## TASK REQUIREMENTS
Reproduce the records word for word, leaving out any pictures they hold.
▶
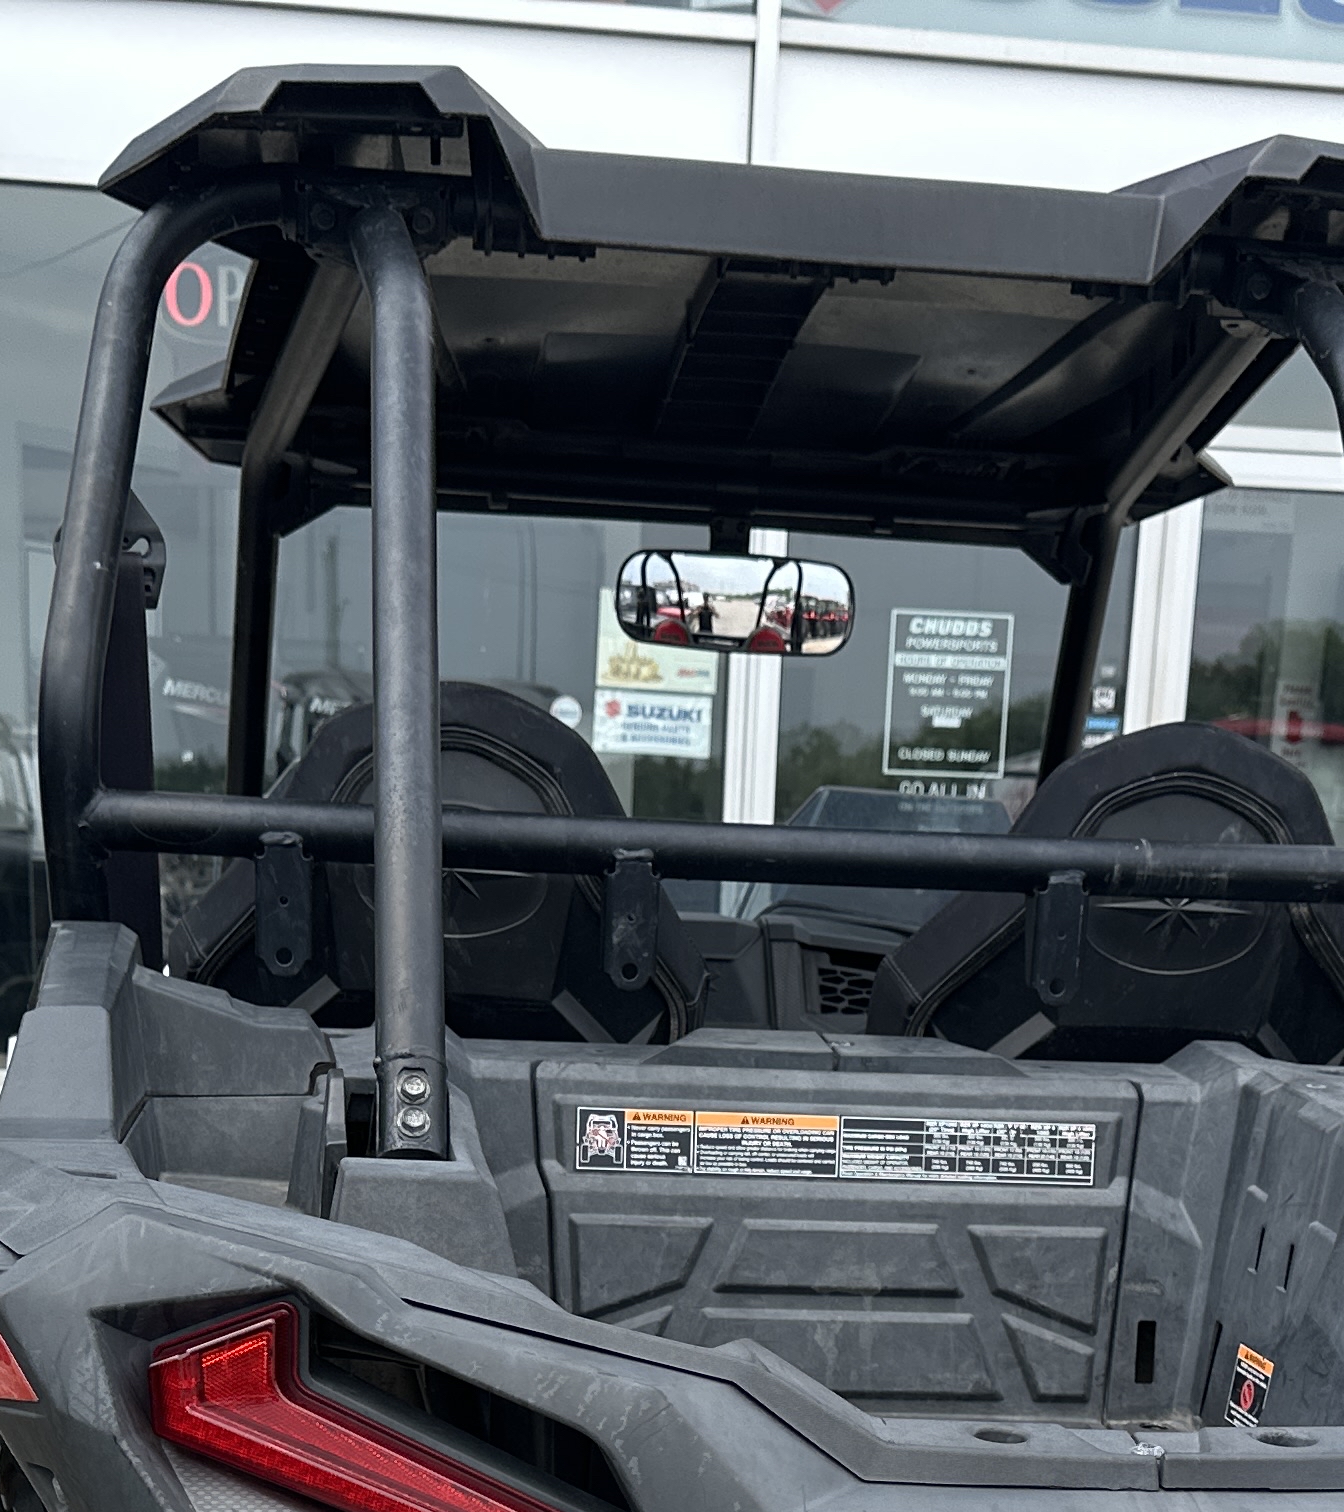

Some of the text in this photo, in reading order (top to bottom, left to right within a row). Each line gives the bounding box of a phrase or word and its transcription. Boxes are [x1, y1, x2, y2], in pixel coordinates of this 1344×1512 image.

[909, 616, 994, 637] CHUDDS
[905, 637, 999, 653] POWERSPORTS
[627, 704, 702, 722] SUZUKI
[642, 1112, 687, 1122] WARNING
[750, 1116, 795, 1126] WARNING
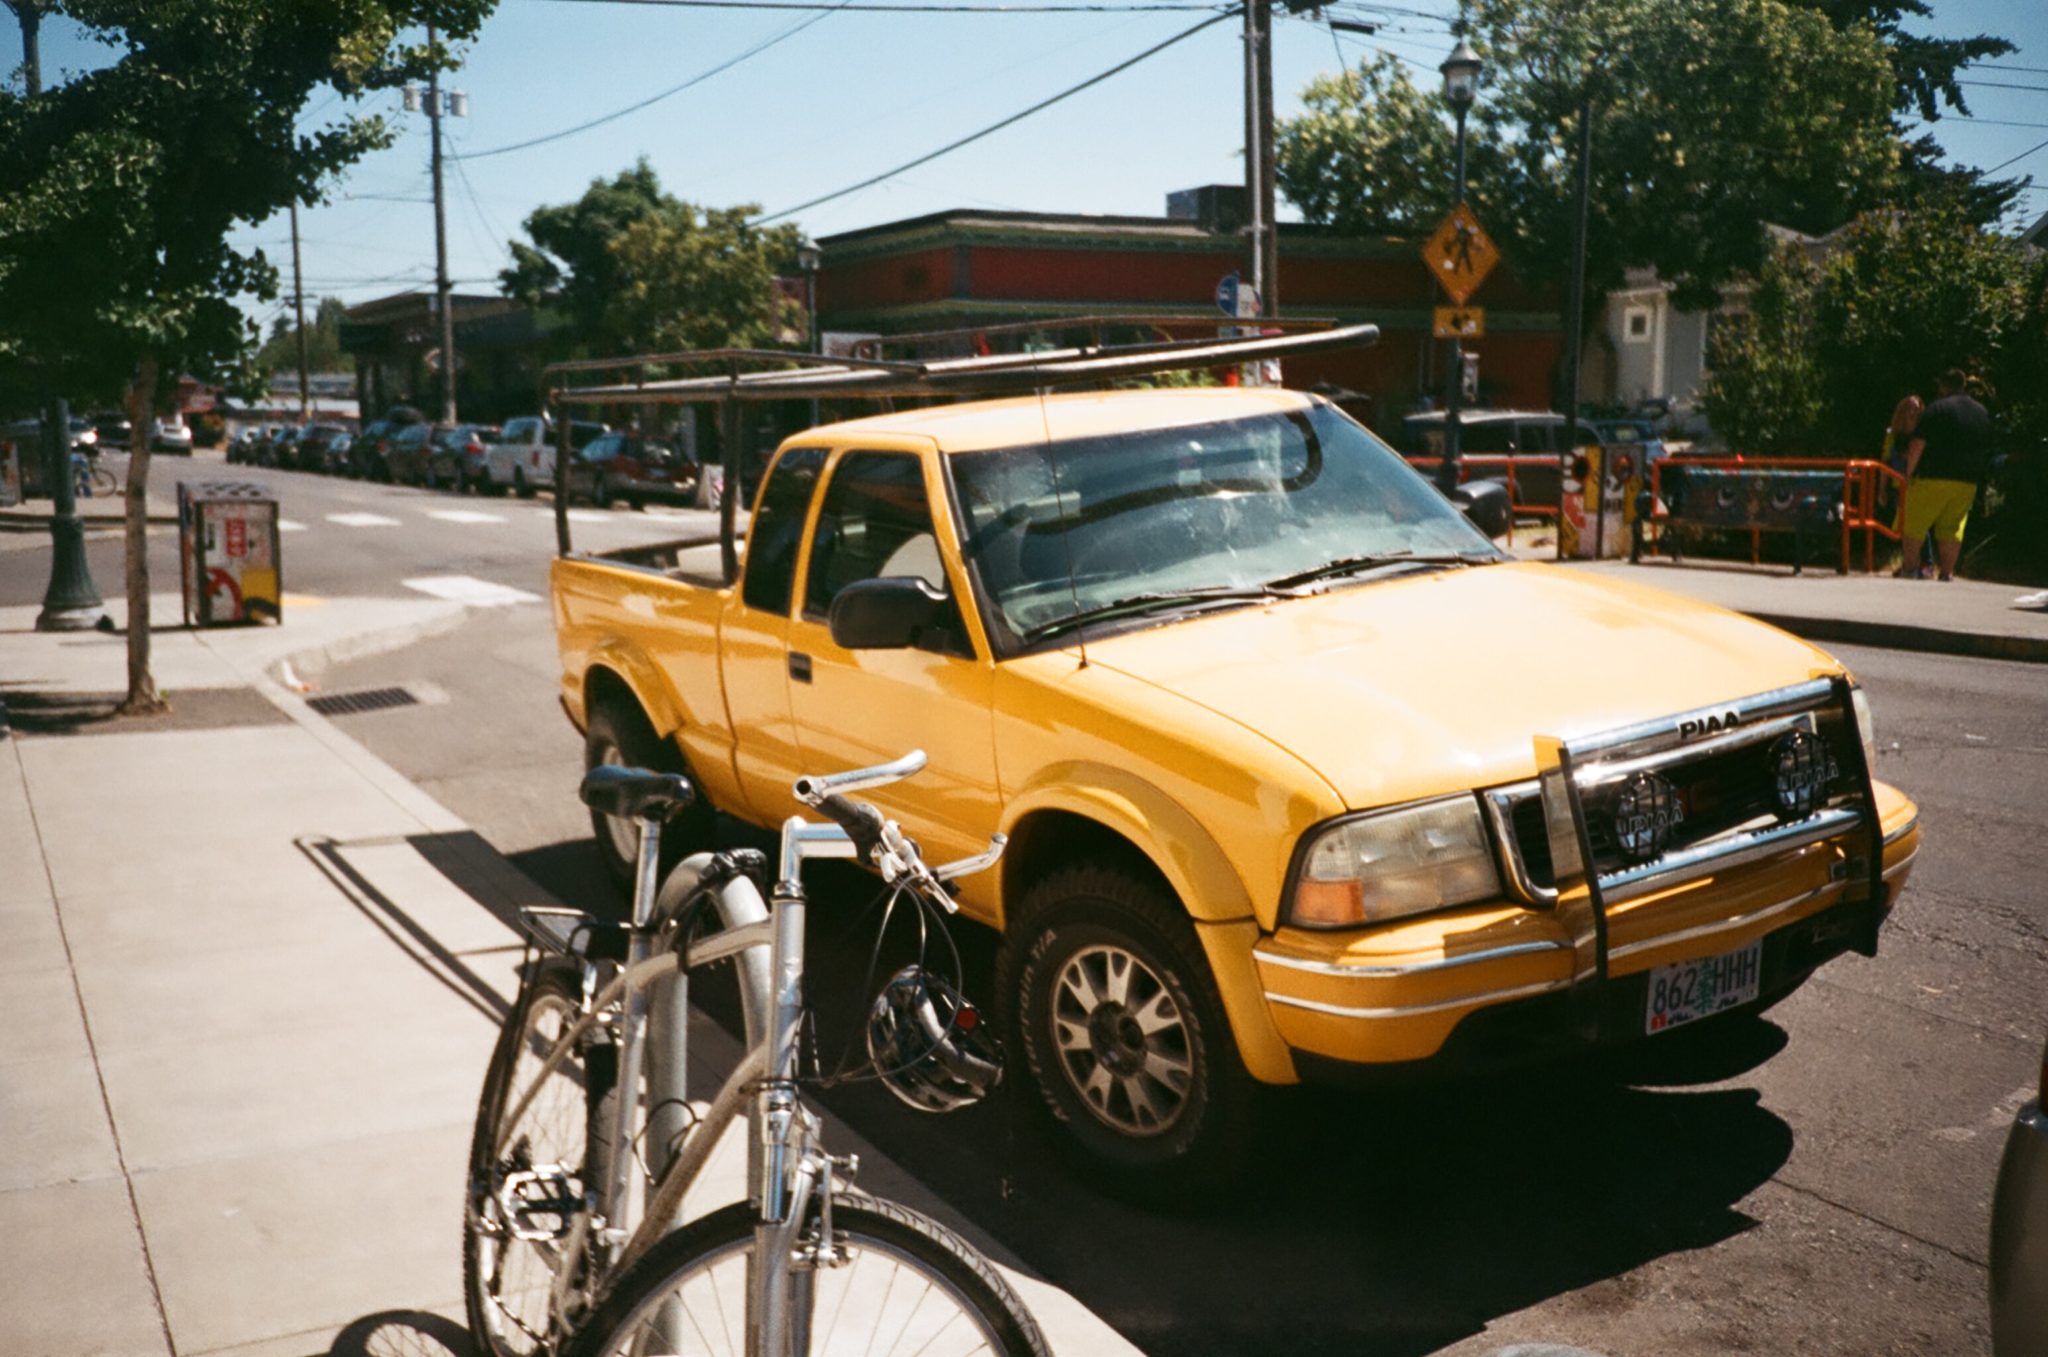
◀
## WRITTEN ANSWER
Some of the text in this photo, in reading order (top to bottom, left to right within a row). Each line gives the bounding box of a phrase or word and its transcription. Boxes are [x1, y1, x2, y2], in pixel coordinates of this 1344×1512 image.

[909, 616, 994, 637] CHUDDS
[905, 637, 999, 653] POWERSPORTS
[627, 704, 702, 722] SUZUKI
[642, 1112, 687, 1122] WARNING
[750, 1116, 795, 1126] WARNING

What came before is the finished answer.